Return all of the entries below exactly as they are given.

[Collected data]
-*-*-

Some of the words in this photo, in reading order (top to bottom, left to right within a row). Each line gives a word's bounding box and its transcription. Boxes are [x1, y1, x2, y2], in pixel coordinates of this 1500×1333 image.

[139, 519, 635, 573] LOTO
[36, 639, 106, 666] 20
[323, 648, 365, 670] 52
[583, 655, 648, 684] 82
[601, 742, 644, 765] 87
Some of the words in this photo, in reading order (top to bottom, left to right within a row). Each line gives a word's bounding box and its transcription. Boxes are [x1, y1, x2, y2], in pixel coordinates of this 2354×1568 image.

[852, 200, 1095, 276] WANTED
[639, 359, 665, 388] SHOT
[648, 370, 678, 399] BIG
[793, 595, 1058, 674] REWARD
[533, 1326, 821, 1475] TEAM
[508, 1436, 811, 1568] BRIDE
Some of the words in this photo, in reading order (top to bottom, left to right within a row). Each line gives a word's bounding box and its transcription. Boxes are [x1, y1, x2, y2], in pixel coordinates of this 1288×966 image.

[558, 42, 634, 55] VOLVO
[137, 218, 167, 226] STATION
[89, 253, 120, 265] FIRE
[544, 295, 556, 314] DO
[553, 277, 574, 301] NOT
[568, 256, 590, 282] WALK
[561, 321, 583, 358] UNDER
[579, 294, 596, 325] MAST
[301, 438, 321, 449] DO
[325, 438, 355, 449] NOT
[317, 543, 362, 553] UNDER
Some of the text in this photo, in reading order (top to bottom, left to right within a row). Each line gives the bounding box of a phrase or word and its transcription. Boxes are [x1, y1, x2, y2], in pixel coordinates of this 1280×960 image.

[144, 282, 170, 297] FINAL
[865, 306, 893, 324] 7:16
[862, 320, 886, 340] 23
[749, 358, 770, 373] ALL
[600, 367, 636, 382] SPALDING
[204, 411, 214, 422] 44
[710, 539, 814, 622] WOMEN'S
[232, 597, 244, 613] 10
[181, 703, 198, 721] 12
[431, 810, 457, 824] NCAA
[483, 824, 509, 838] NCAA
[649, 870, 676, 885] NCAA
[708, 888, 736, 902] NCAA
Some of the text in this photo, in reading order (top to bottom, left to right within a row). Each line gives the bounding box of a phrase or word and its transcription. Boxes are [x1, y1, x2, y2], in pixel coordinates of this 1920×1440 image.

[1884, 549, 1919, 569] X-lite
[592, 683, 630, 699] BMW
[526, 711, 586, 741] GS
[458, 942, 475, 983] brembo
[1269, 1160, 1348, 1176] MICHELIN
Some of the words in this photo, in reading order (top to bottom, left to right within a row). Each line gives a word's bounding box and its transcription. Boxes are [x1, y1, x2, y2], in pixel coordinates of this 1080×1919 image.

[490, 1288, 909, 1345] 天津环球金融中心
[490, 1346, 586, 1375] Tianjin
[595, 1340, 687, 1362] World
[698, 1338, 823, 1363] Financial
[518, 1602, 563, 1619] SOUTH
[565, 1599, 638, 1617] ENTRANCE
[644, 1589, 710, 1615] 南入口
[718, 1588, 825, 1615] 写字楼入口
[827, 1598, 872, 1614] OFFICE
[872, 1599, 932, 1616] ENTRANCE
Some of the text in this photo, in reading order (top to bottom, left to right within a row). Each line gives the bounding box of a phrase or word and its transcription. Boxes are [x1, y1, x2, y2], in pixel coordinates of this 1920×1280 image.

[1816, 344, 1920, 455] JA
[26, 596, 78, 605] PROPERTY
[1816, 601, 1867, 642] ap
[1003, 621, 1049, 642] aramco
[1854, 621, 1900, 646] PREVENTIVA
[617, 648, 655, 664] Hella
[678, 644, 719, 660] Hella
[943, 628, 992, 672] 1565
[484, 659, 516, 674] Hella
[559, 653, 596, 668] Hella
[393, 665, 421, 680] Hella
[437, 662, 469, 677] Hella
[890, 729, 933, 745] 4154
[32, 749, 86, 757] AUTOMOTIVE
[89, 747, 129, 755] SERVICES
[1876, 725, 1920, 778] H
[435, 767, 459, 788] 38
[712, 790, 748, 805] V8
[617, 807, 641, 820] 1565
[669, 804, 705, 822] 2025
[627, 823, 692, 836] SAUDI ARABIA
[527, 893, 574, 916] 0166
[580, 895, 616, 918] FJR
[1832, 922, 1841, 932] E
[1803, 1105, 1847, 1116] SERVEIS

-*-*-

▶ [Answer area]
Some of the words in this photo, in reading order (top to bottom, left to right within a row). Each line gives a word's bounding box and its transcription. Boxes are [x1, y1, x2, y2], in pixel coordinates of this 1500×1333 image.

[139, 519, 635, 573] LOTO
[36, 639, 106, 666] 20
[323, 648, 365, 670] 52
[583, 655, 648, 684] 82
[601, 742, 644, 765] 87
Some of the words in this photo, in reading order (top to bottom, left to right within a row). Each line gives a word's bounding box and its transcription. Boxes are [x1, y1, x2, y2], in pixel coordinates of this 2354×1568 image.

[852, 200, 1095, 276] WANTED
[639, 359, 665, 388] SHOT
[648, 370, 678, 399] BIG
[793, 595, 1058, 674] REWARD
[533, 1326, 821, 1475] TEAM
[508, 1436, 811, 1568] BRIDE
Some of the words in this photo, in reading order (top to bottom, left to right within a row). Each line gives a word's bounding box and its transcription. Boxes are [x1, y1, x2, y2], in pixel coordinates of this 1288×966 image.

[558, 42, 634, 55] VOLVO
[137, 218, 167, 226] STATION
[89, 253, 120, 265] FIRE
[544, 295, 556, 314] DO
[553, 277, 574, 301] NOT
[568, 256, 590, 282] WALK
[561, 321, 583, 358] UNDER
[579, 294, 596, 325] MAST
[301, 438, 321, 449] DO
[325, 438, 355, 449] NOT
[317, 543, 362, 553] UNDER
Some of the text in this photo, in reading order (top to bottom, left to right within a row). Each line gives the bounding box of a phrase or word and its transcription. Boxes are [x1, y1, x2, y2], in pixel coordinates of this 1280×960 image.

[144, 282, 170, 297] FINAL
[865, 306, 893, 324] 7:16
[862, 320, 886, 340] 23
[749, 358, 770, 373] ALL
[600, 367, 636, 382] SPALDING
[204, 411, 214, 422] 44
[710, 539, 814, 622] WOMEN'S
[232, 597, 244, 613] 10
[181, 703, 198, 721] 12
[431, 810, 457, 824] NCAA
[483, 824, 509, 838] NCAA
[649, 870, 676, 885] NCAA
[708, 888, 736, 902] NCAA
Some of the text in this photo, in reading order (top to bottom, left to right within a row). Each line gives the bounding box of a phrase or word and its transcription. Boxes are [x1, y1, x2, y2], in pixel coordinates of this 1920×1440 image.

[1884, 549, 1919, 569] X-lite
[592, 683, 630, 699] BMW
[526, 711, 586, 741] GS
[458, 942, 475, 983] brembo
[1269, 1160, 1348, 1176] MICHELIN
Some of the words in this photo, in reading order (top to bottom, left to right within a row). Each line gives a word's bounding box and its transcription. Boxes are [x1, y1, x2, y2], in pixel coordinates of this 1080×1919 image.

[490, 1288, 909, 1345] 天津环球金融中心
[490, 1346, 586, 1375] Tianjin
[595, 1340, 687, 1362] World
[698, 1338, 823, 1363] Financial
[518, 1602, 563, 1619] SOUTH
[565, 1599, 638, 1617] ENTRANCE
[644, 1589, 710, 1615] 南入口
[718, 1588, 825, 1615] 写字楼入口
[827, 1598, 872, 1614] OFFICE
[872, 1599, 932, 1616] ENTRANCE
Some of the text in this photo, in reading order (top to bottom, left to right within a row). Each line gives the bounding box of a phrase or word and its transcription. Boxes are [x1, y1, x2, y2], in pixel coordinates of this 1920×1280 image.

[1816, 344, 1920, 455] JA
[26, 596, 78, 605] PROPERTY
[1816, 601, 1867, 642] ap
[1003, 621, 1049, 642] aramco
[1854, 621, 1900, 646] PREVENTIVA
[617, 648, 655, 664] Hella
[678, 644, 719, 660] Hella
[943, 628, 992, 672] 1565
[484, 659, 516, 674] Hella
[559, 653, 596, 668] Hella
[393, 665, 421, 680] Hella
[437, 662, 469, 677] Hella
[890, 729, 933, 745] 4154
[32, 749, 86, 757] AUTOMOTIVE
[89, 747, 129, 755] SERVICES
[1876, 725, 1920, 778] H
[435, 767, 459, 788] 38
[712, 790, 748, 805] V8
[617, 807, 641, 820] 1565
[669, 804, 705, 822] 2025
[627, 823, 692, 836] SAUDI ARABIA
[527, 893, 574, 916] 0166
[580, 895, 616, 918] FJR
[1832, 922, 1841, 932] E
[1803, 1105, 1847, 1116] SERVEIS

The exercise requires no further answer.